» **What to produce**:
The answer must give back every line of the data exactly, with no pictures.

*** Opening of Entries supplied ***

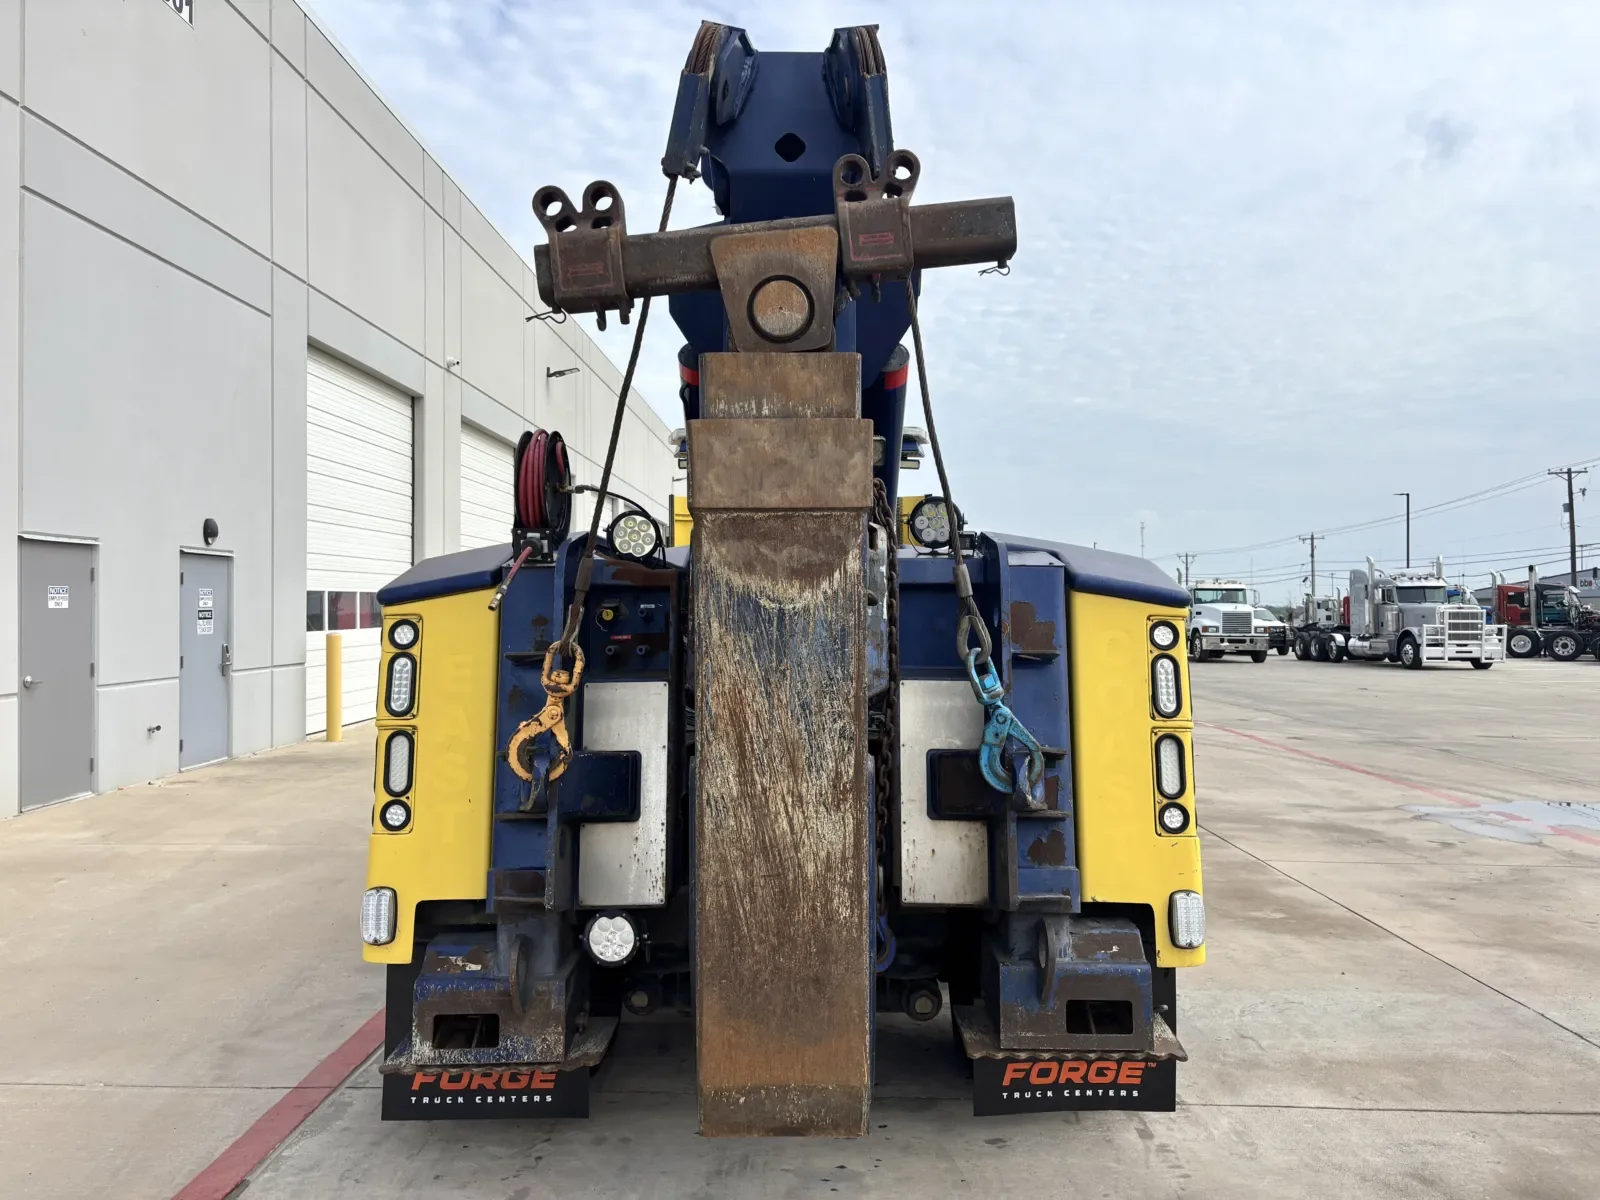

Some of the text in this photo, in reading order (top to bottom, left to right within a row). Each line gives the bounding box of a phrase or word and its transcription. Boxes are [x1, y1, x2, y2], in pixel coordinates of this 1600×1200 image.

[411, 1068, 558, 1091] FORGE
[1002, 1061, 1146, 1086] FORGE
[410, 1095, 553, 1104] TRUCK CENTERS
[1002, 1089, 1140, 1099] TRUCK CENTERS
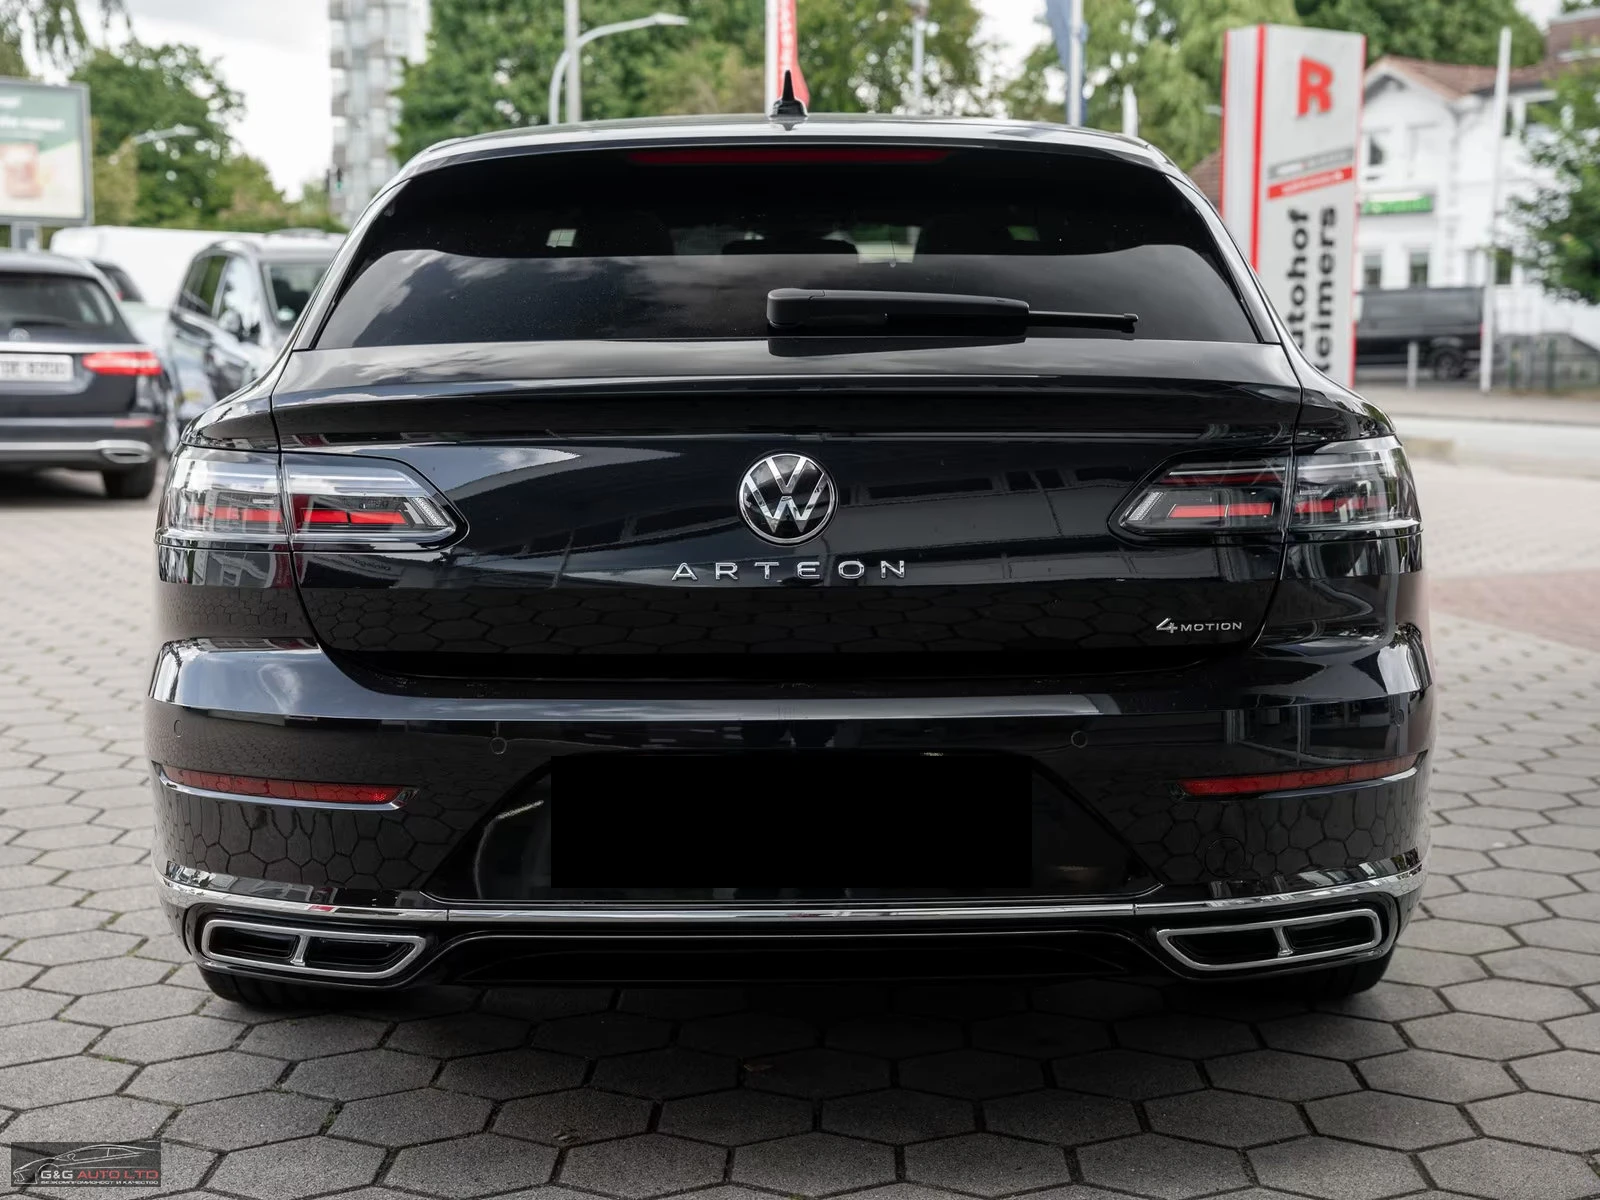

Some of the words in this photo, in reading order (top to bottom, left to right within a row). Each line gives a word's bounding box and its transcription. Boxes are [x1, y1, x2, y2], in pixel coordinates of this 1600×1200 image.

[1298, 57, 1333, 117] R
[1287, 208, 1309, 351] utohof
[671, 560, 905, 581] ARTEON
[1156, 617, 1243, 634] 4MOTION

*** Close of Entries supplied ***

» **Result of the task**:
Some of the text in this photo, in reading order (top to bottom, left to right within a row). Each line gives the bounding box of a phrase or word and its transcription. Boxes are [x1, y1, x2, y2], in pixel coordinates of this 1600×1200 image.

[411, 1068, 558, 1091] FORGE
[1002, 1061, 1146, 1086] FORGE
[410, 1095, 553, 1104] TRUCK CENTERS
[1002, 1089, 1140, 1099] TRUCK CENTERS

Some of the words in this photo, in reading order (top to bottom, left to right within a row). Each line gives a word's bounding box and its transcription. Boxes are [x1, y1, x2, y2], in pixel coordinates of this 1600×1200 image.

[1298, 57, 1333, 117] R
[1287, 208, 1309, 351] utohof
[671, 560, 905, 581] ARTEON
[1156, 617, 1243, 634] 4MOTION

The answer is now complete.